··· Given records
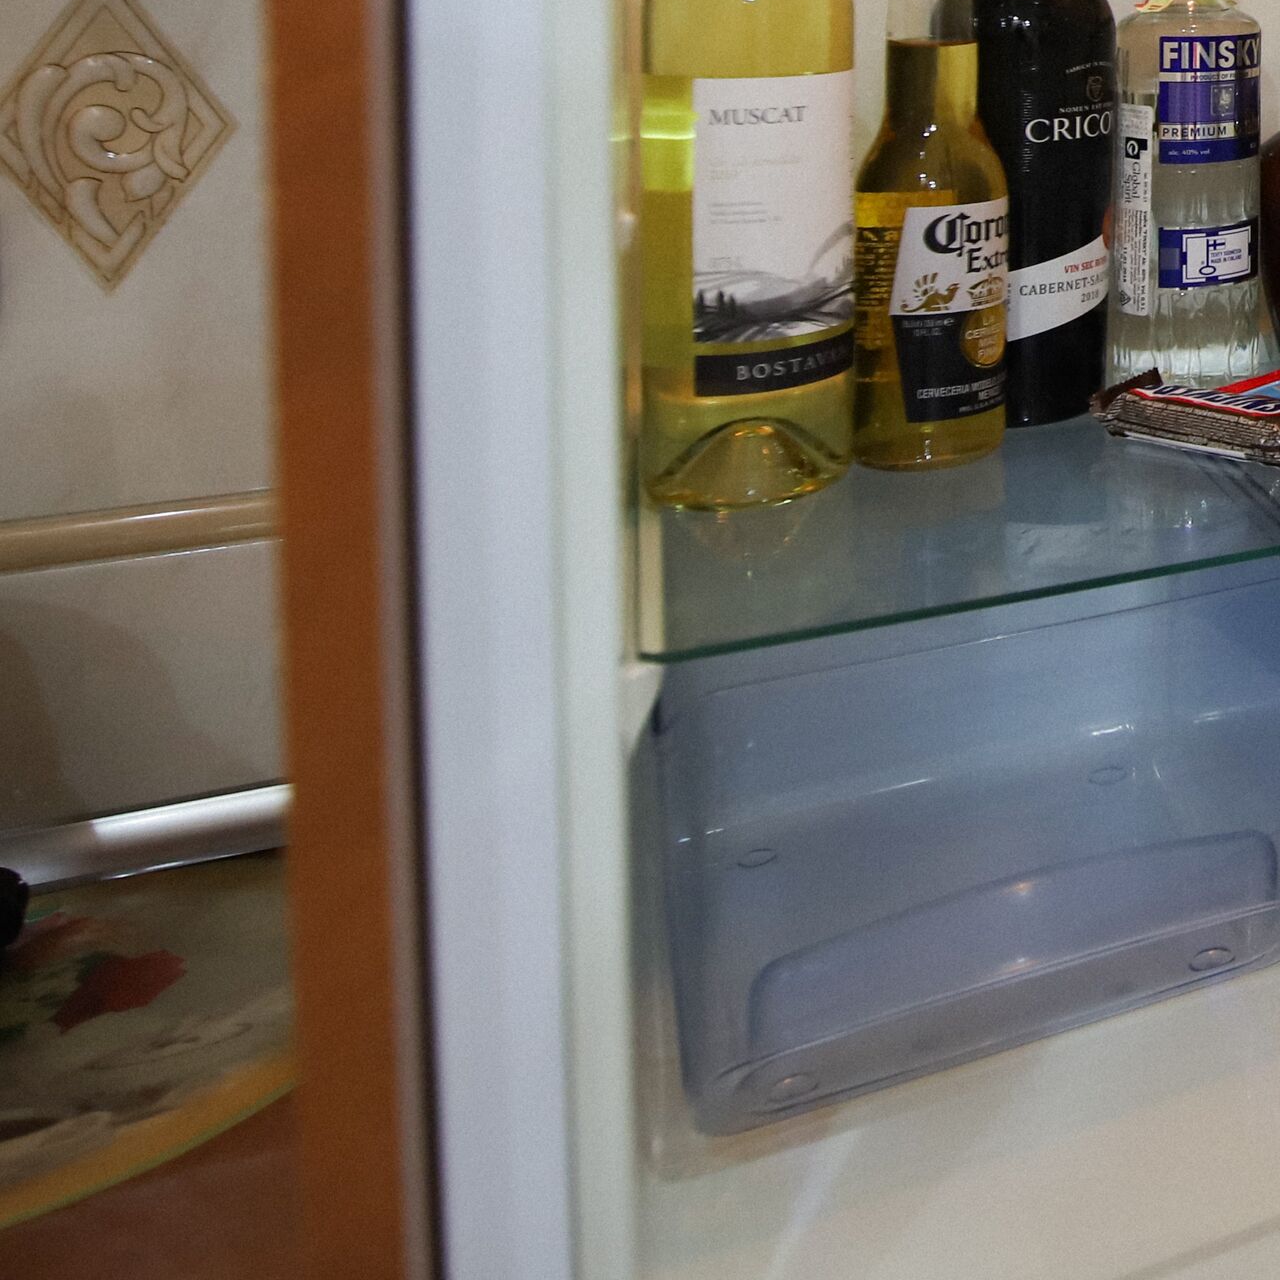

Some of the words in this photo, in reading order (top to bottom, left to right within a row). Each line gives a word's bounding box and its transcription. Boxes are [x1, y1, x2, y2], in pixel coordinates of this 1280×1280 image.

[1163, 38, 1259, 69] FINSKY
[707, 105, 808, 126] MUSCAT
[1025, 111, 1111, 143] CRICO
[1162, 126, 1227, 138] PREMIUM
[966, 247, 1008, 273] Extr
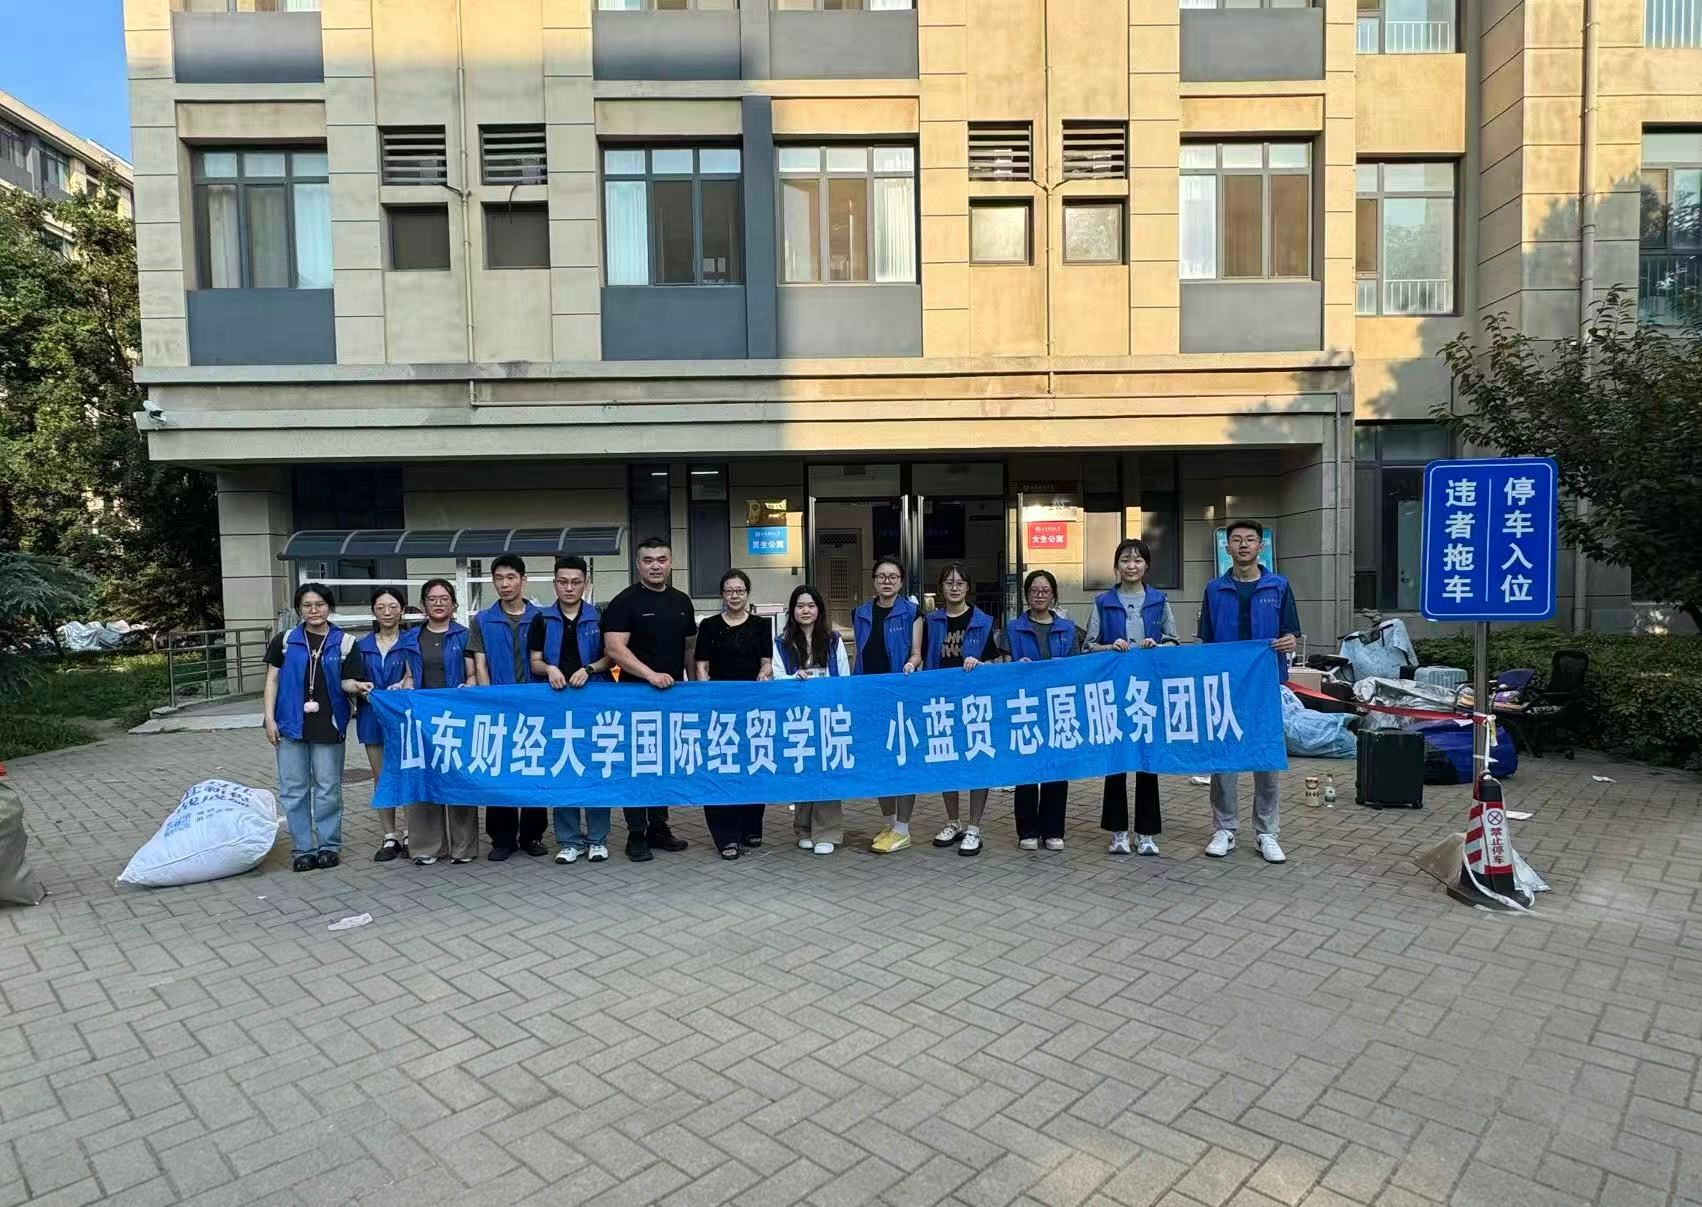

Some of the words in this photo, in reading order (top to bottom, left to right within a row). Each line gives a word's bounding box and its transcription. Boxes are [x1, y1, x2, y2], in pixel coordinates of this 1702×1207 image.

[1442, 478, 1476, 603] 违者拖车
[1500, 477, 1535, 603] 停车入位
[399, 703, 856, 778] 山东财经大学国际经贸学院
[1489, 827, 1505, 866] 禁止停车
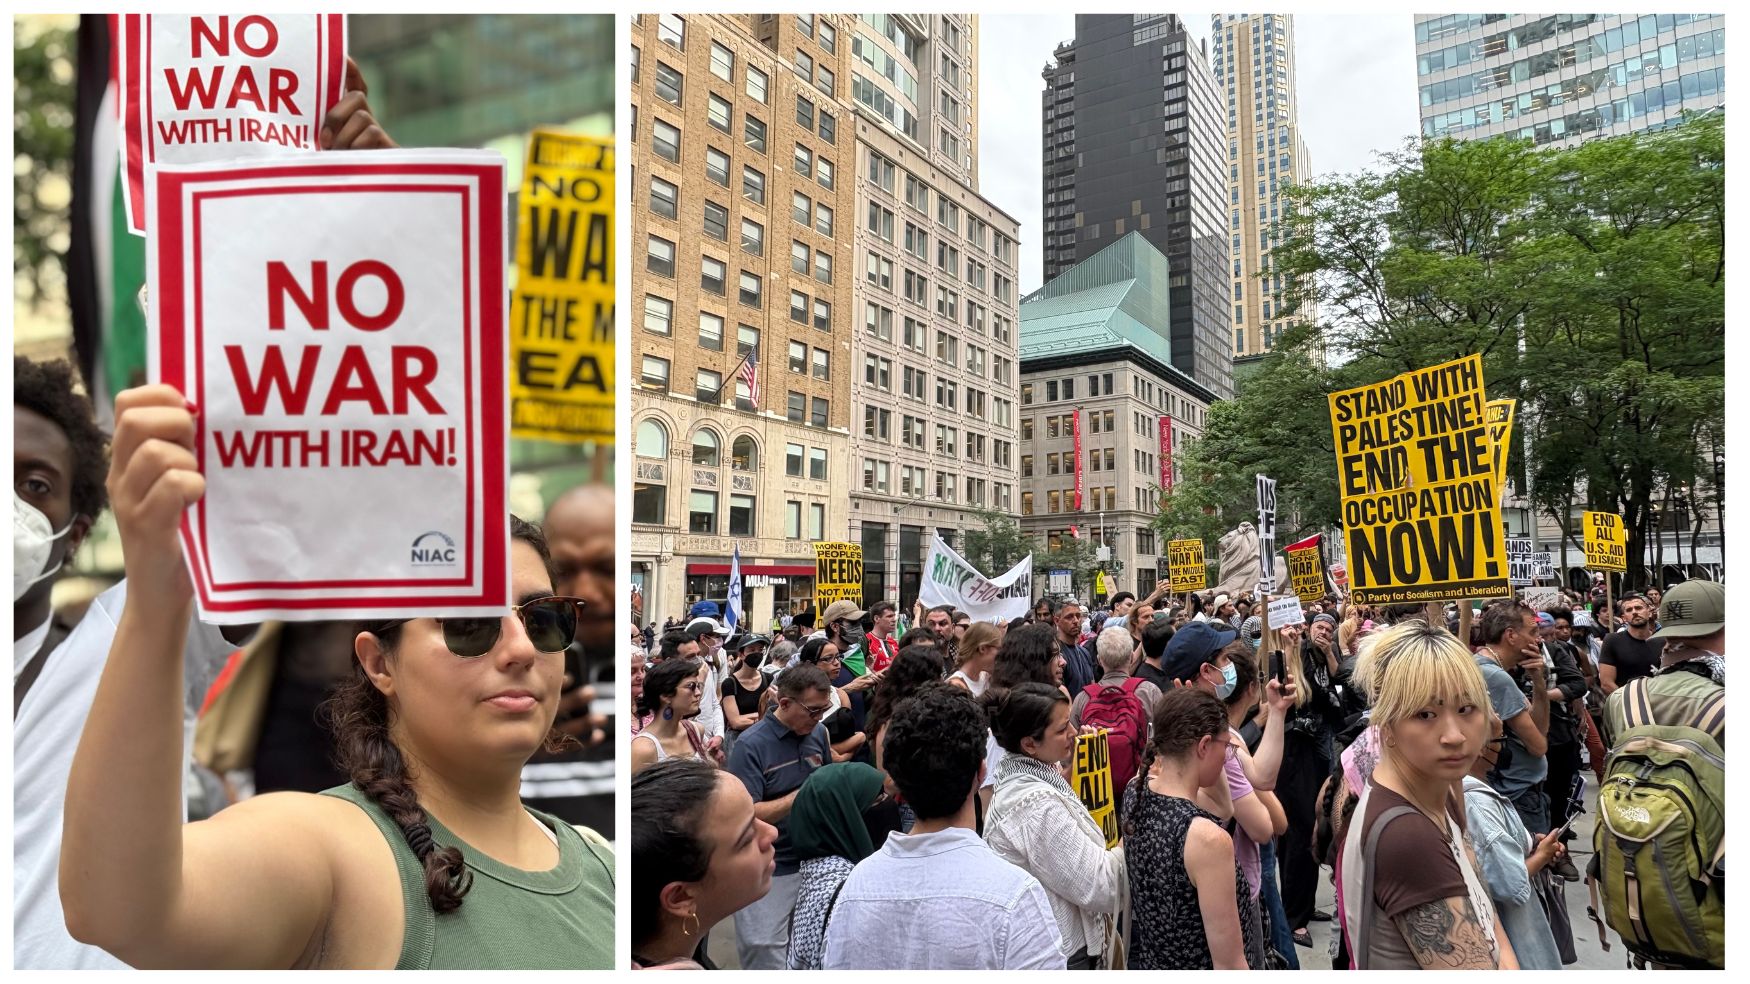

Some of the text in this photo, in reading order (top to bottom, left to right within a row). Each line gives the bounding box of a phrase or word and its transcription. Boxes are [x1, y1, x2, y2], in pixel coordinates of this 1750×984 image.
······
Exercise prompt.
Please output the material above again, exactly, and omit every image.

Answer box.
Some of the words in this photo, in reading order (top to bottom, left to right within a row). Each line gives a word's bounding box and its transcription. Boxes are [x1, y1, x2, y2], in pixel coordinates of this 1280×1280 image.

[1163, 38, 1259, 69] FINSKY
[707, 105, 808, 126] MUSCAT
[1025, 111, 1111, 143] CRICO
[1162, 126, 1227, 138] PREMIUM
[966, 247, 1008, 273] Extr

Some of the words in this photo, in reading order (top to bottom, left to right within a row). Each line gives a word's bounding box and its transcription. Boxes are [x1, y1, x2, y2], in pixel coordinates of this 1702×1207 image.

[1442, 478, 1476, 603] 违者拖车
[1500, 477, 1535, 603] 停车入位
[399, 703, 856, 778] 山东财经大学国际经贸学院
[1489, 827, 1505, 866] 禁止停车

Some of the text in this photo, in reading order (top to bottom, left to right within a row). Each line gives the bounding box of a phrase or word and its transcription. Boxes are [x1, y1, x2, y2], in pixel coordinates of this 1750×984 image.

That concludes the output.